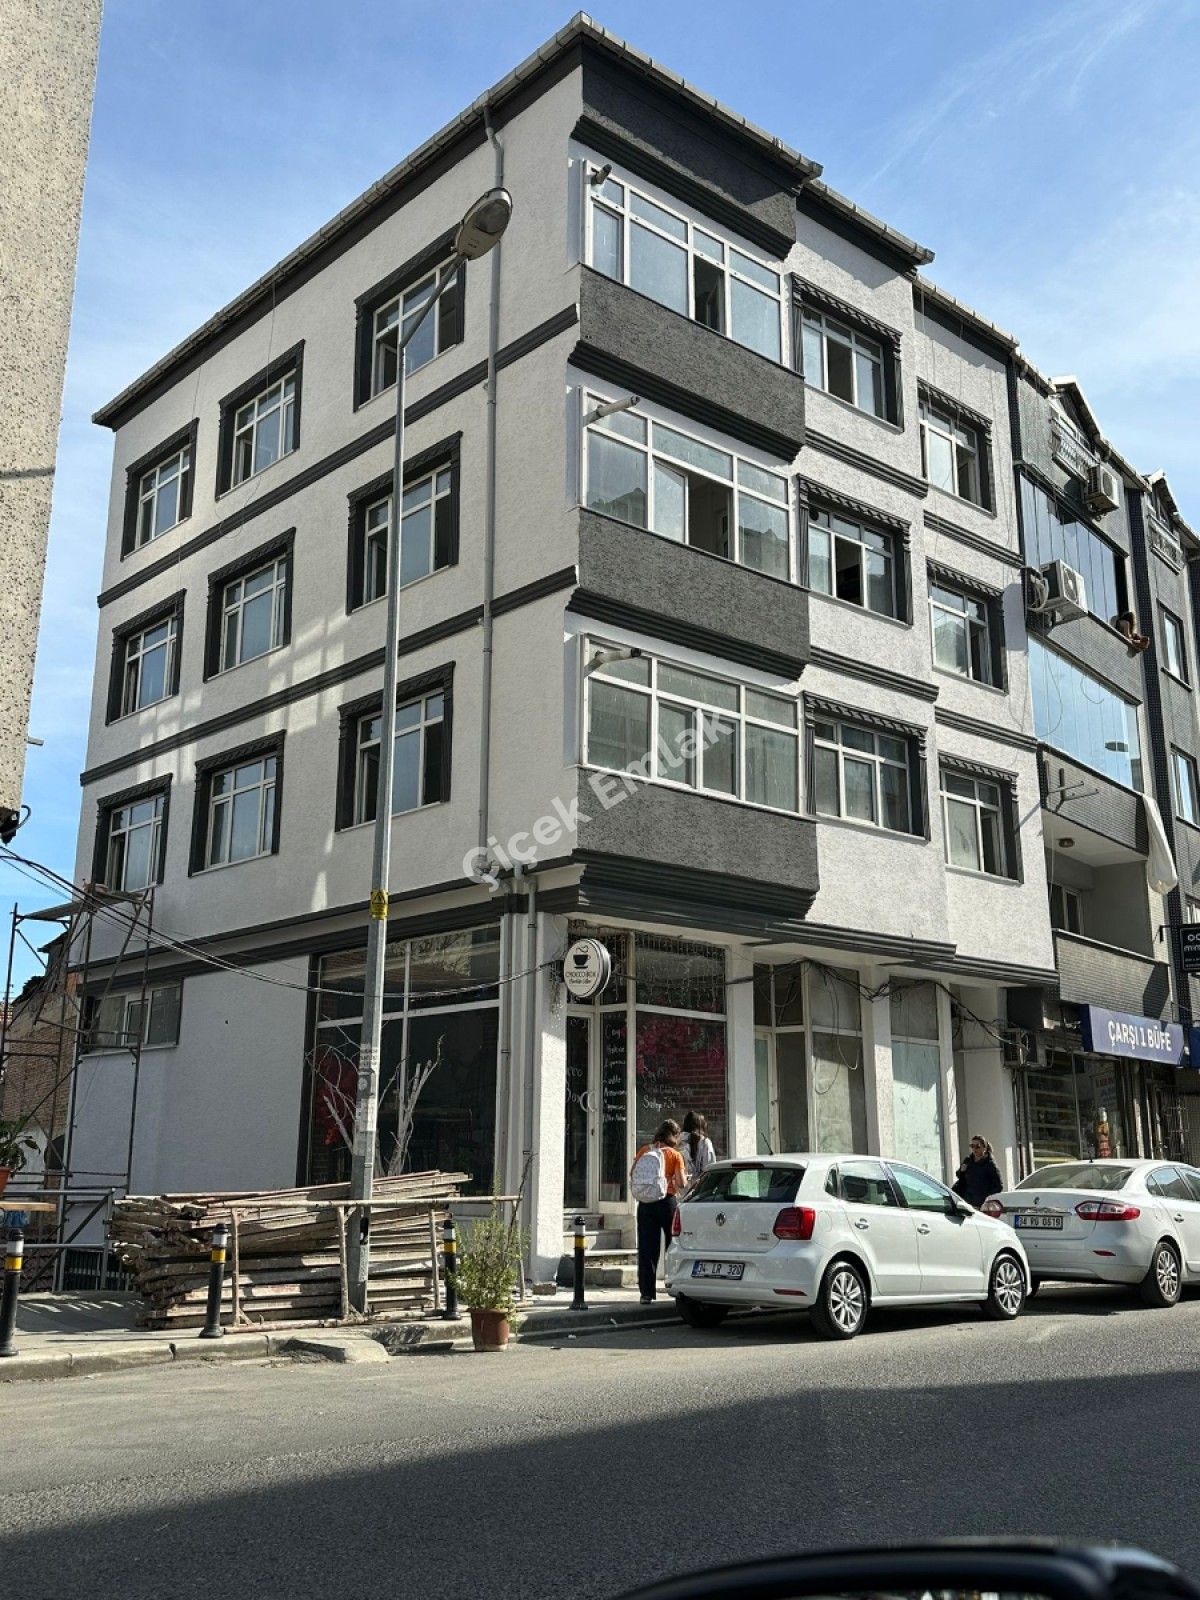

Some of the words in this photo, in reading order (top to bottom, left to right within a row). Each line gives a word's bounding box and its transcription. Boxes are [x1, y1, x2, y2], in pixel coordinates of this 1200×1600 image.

[1108, 1020, 1139, 1050] ÇARŞI
[1140, 1028, 1147, 1048] 1
[1147, 1025, 1173, 1052] BÜFE
[698, 1263, 706, 1273] 34
[711, 1263, 722, 1274] LR

..............................

• Work request
Leave the images out. Set down all of the material above exactly.

• Finished exercise
Some of the words in this photo, in reading order (top to bottom, left to right within a row). Each line gives a word's bounding box and its transcription. Boxes are [x1, y1, x2, y2], in pixel coordinates of this 1200×1600 image.

[1108, 1020, 1139, 1050] ÇARŞI
[1140, 1028, 1147, 1048] 1
[1147, 1025, 1173, 1052] BÜFE
[698, 1263, 706, 1273] 34
[711, 1263, 722, 1274] LR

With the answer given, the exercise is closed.